Ren pointed at the floor. “You can spot them if you look closely. See those little seams there? There’s a couple more. We’ll have to be careful.”

They crept across the room to the staircase and descended. Their feet thudded on stone as the stairs corkscrewed down to a large room lit with torchlight and—Hito gasped when he saw a body of glowing, smoking black and orange liquid. An overpowering earthy scent rose to his nostrils. Lava?! He coughed against the smoke, feeling sick, and Ren looked at him in concern.

When they reached the bottom of the stairs, they found a stone floor stretching out to a series of deep trenches. The lava ran through the trenches, casting heat and dull red light into the room.

“What is this place?” Hito wondered, his eyes drifting up to the ceiling, hundreds of feet above. On the far side, the smooth stone shifted into rough rock, clustered with clots dirt. The floor, too, gave way to dirt, as if a builder had died halfway through its construction.

“This has gone far enough, hasn’t it?” Ren said from behind him, something strange in her voice.

“Huh?
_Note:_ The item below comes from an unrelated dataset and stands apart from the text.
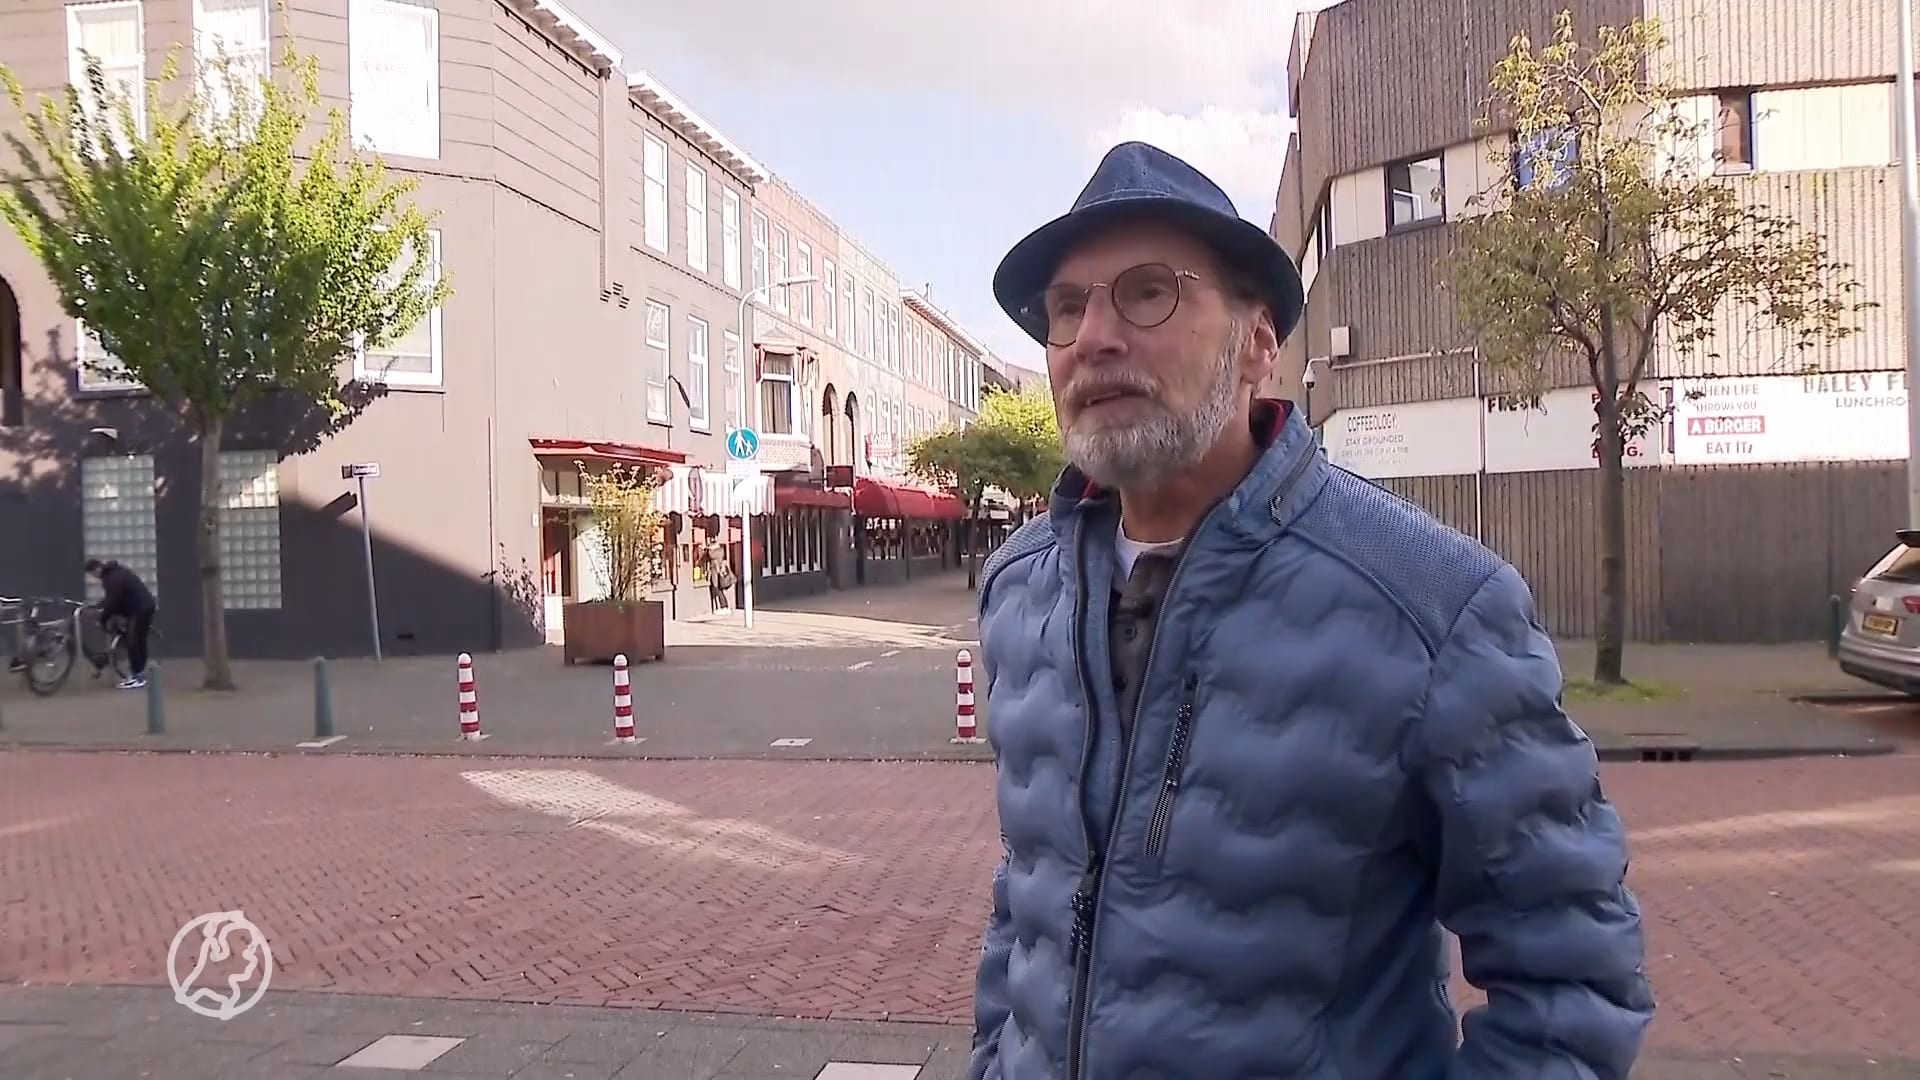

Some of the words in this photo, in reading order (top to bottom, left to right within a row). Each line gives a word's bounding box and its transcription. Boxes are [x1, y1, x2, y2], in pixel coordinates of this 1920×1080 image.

What’s the matter?”

She glared at him, her eyes like daggers. “You thought I wouldn’t notice, didn’t you? But I did.”

“What are you talking about?”

“Doppelgangers,” she said. “Those shadow monsters we saw. They imitate people to look exactly like them. But you already know that, don’t you?”

“I have no idea!” Why did she seem so angry? What was wrong with her?
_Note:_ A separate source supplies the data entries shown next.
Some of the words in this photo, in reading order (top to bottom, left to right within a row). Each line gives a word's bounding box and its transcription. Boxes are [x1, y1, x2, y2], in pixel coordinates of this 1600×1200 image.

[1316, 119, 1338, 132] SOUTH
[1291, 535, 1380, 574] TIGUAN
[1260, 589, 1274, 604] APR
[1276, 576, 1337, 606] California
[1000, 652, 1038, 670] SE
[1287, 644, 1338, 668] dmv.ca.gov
“When I fell, Hito came to save me. All those doppels melted into that weird gunk. He went under, and I lost sight of him. That’s when you made the switch, isn’t it?”

His jaw dropped open. “You think I’m a doppelganger?!”

“You’ve been acting funny ever since then. Maybe no one else would notice. But I know Hito better than a monster like you could.”

Ren thought he was a monster? She seemed awfully sure of herself. What had he done to make her think he was a fake? “You’re being crazy! It’s me, Hito!” He turned to the purple sphere at his side. “Tama! Tell her it’s the real me!”

“Ahdunnuh.” Tama made a noise like a shrug. “I wasn’t paying attention.”

Hito narrowed his eyes. Something in Tama’s voice—was he hiding something?

“Well I was paying attention,” Ren said. “I’m certain. You replaced Hito, and you’ve been leading me on ever since. It’s time to ditch you and go back for the real thing!”

With a sweeping motion and brutal crunching sounds, Ren ripped chunks of rock from the floor. As Hito watched in disbelief, she launched the rocks at him.

Ducking at the last second, he felt the wind whoosh through his hair as they passed. They struck a stone wall behind him with a loud bang, shattering into tiny pieces and leaving cracks and pits in the wall.

“Stop it!” he shouted. “You’re confused. Let’s talk about this!”

But she crept toward him, a dangerous look in her blue eyes. That terrifying determination, aimed like a sword to slice through him. “The only talking you’ll be doing … is to my wind blade!” She slashed at him, and he leaped out of the blade’s way, flopping to the ground in desperation.

Tama groaned. “Really, Ren? If you’re intent on killing him, maybe less talking and more slicing?”

“No one asked you!” she snapped. “My one-liners are cool, and you know it!”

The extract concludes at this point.